As Ivy and Javier danced on stage they became the embodiment of motherhood. Unified by yards of red fabric wrapped around their bare forms, they continuously unraveled and reunited creating a landscape of interconnected, interdependent beings. Sometimes lovingly, sometimes out of necessity, they carried each other across the stage. Together they are held, loved, and surviving. Allusions to the by-products of capitalism like exposure to toxic environments and individualist driven isolation, grate against movements of loving codependence. Their bodies formed portrayals of a mother-sister-femmehood that can blossom through concrete and chain link border fences.

Pictured: Javier Stell-Fresquez and Ivy Monteiro, Photo by: Robbie Sweeny

Like true goddesses, these femmes broke stereotypes by unabashedly celebrating and elevating femininity, queer love, and chosen family in a visually stunning multi-media performance. The dance concluded with purple and pink bougainvillea petals falling gently on Javier and Ivy in a breathtaking and necessary vision of the glorification of motherhood.    

To Our Kin, You Will Not Be Forgotten

Pictured: Stephanie Hewett, Randy Reyes, Felix (Sol) Linck Frenz. Photo by: Robbie Sweeny

Collapsing on the floor Lxs Desaparecidxs could be heard as thuds on the ground. Physically exhausting movements of repetition built a vocabulary of ritual dance. Often moving singularly, the dancers became a scene of internal struggle and introspection, engaging with unseen and unheard manifestations, the theater became a space of spirit and strife.

“Can the stage floor of an old Tenderloin pornographic cinema hide bones?

We are the dogs or the shovels.

We are the sniff-outs, dig-outs, pull-ups, dust-offs.

Every step could be considered radar.

Let my body fall and reveal the underground.” – Gabriel Christian

The dancers intently moving in separate spheres, at times came together, sharing visions and space before departing into a different time and place. Their movements felt spontaneous, and filled with the unknown. The invisible became just as pertinent as what was seen. Who was in the space with us, what happened on this land, who came before? Each actor engaged with the unnamed around us, fluctuating between training, building tension in their bodies, and resting from the endeavor. Together we witnessed the setting of intention, the connecting of past with future, and the strenuous labor diasporic artists take on to keep and evolve tradition.

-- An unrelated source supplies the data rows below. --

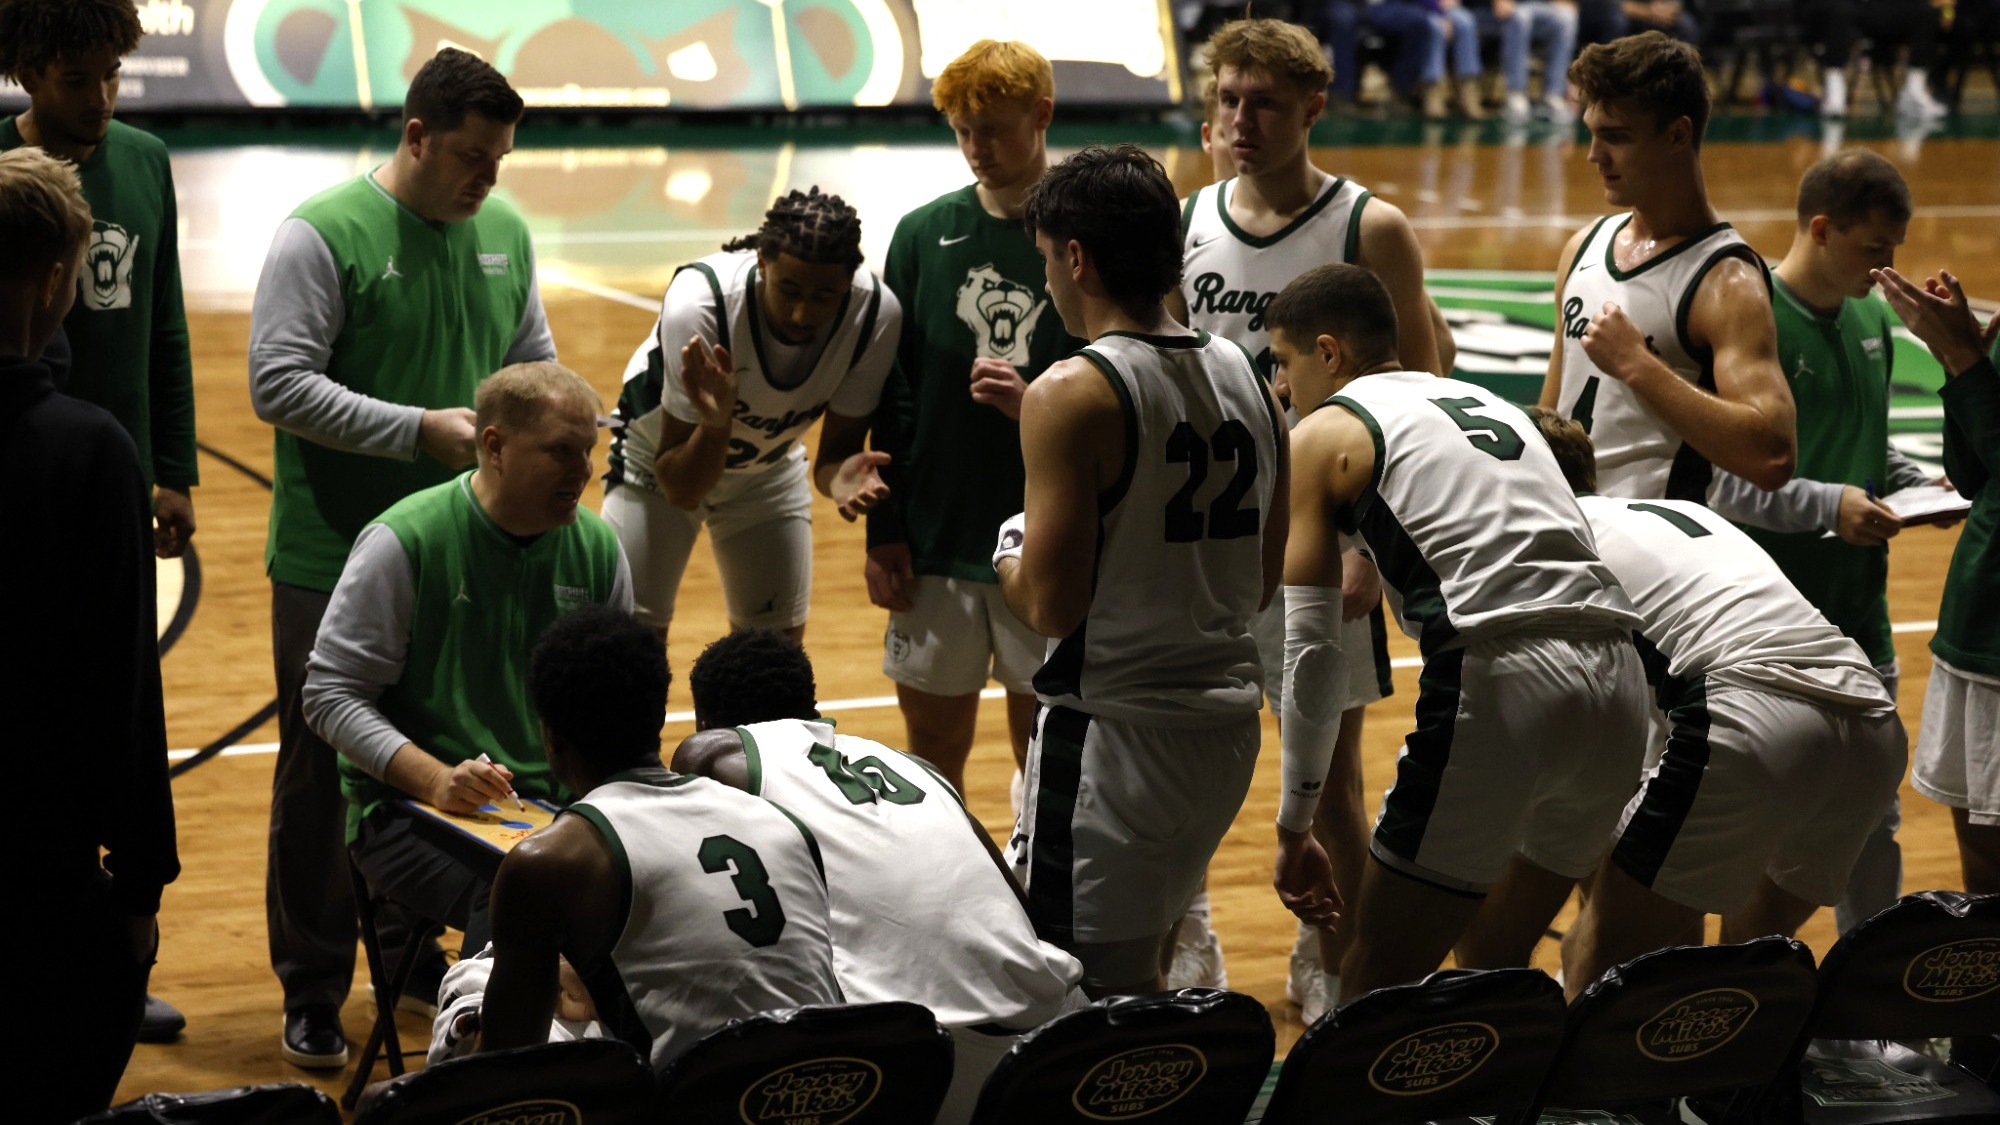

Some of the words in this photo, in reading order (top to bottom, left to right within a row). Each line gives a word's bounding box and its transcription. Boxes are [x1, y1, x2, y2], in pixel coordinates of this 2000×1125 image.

[1192, 272, 1278, 332] Rang
[1427, 396, 1526, 461] 5
[1165, 419, 1260, 542] 22
[1627, 503, 1714, 538] 1
[697, 834, 786, 948] 3
[1924, 947, 2000, 969] Jerse
[1659, 1005, 1749, 1026] Jersey
[1391, 1036, 1487, 1063] Jersey
[1668, 1043, 1700, 1055] SUBS
[761, 1071, 868, 1098] Jersey
[1096, 1059, 1195, 1087] Jersey
[1404, 1076, 1440, 1089] SUBS
[1110, 1101, 1147, 1114] SUBS

Quietly, bodies came together physically grounding into each other and the floor in a tense intimacy. Holding each other’s gaze and bodies, and fluctuating between gentle and firm, the dancers gripped each other. When abruptly club music with strobe lights flashed, the space was cleansed and shook with reverberating energy. The group synchronized into a familiar queer ritual, a dance party. The performance came full circle when the final moments of the piece were spent where it began, together at an altar the dancers circled in private with those who’ve come before us. Day-to-day contemporary rituals exist alongside ancient tradition and culture, side by side they collapsed time and space in Lxs Desaparecidxs.

By calling the past into the present, Mother the Verb and Lxs Desaparecidxs activate ancestry and collective legacies to create tools for shared healing, empowerment, and a map for the future.

Pictured: Stephanie Hewett, Felix (Sol) Linck Frenz, Photo by: Robbie Sweeny


Zerena Diaz is the Communications & Development Fellow and Operations Manager at CounterPulse.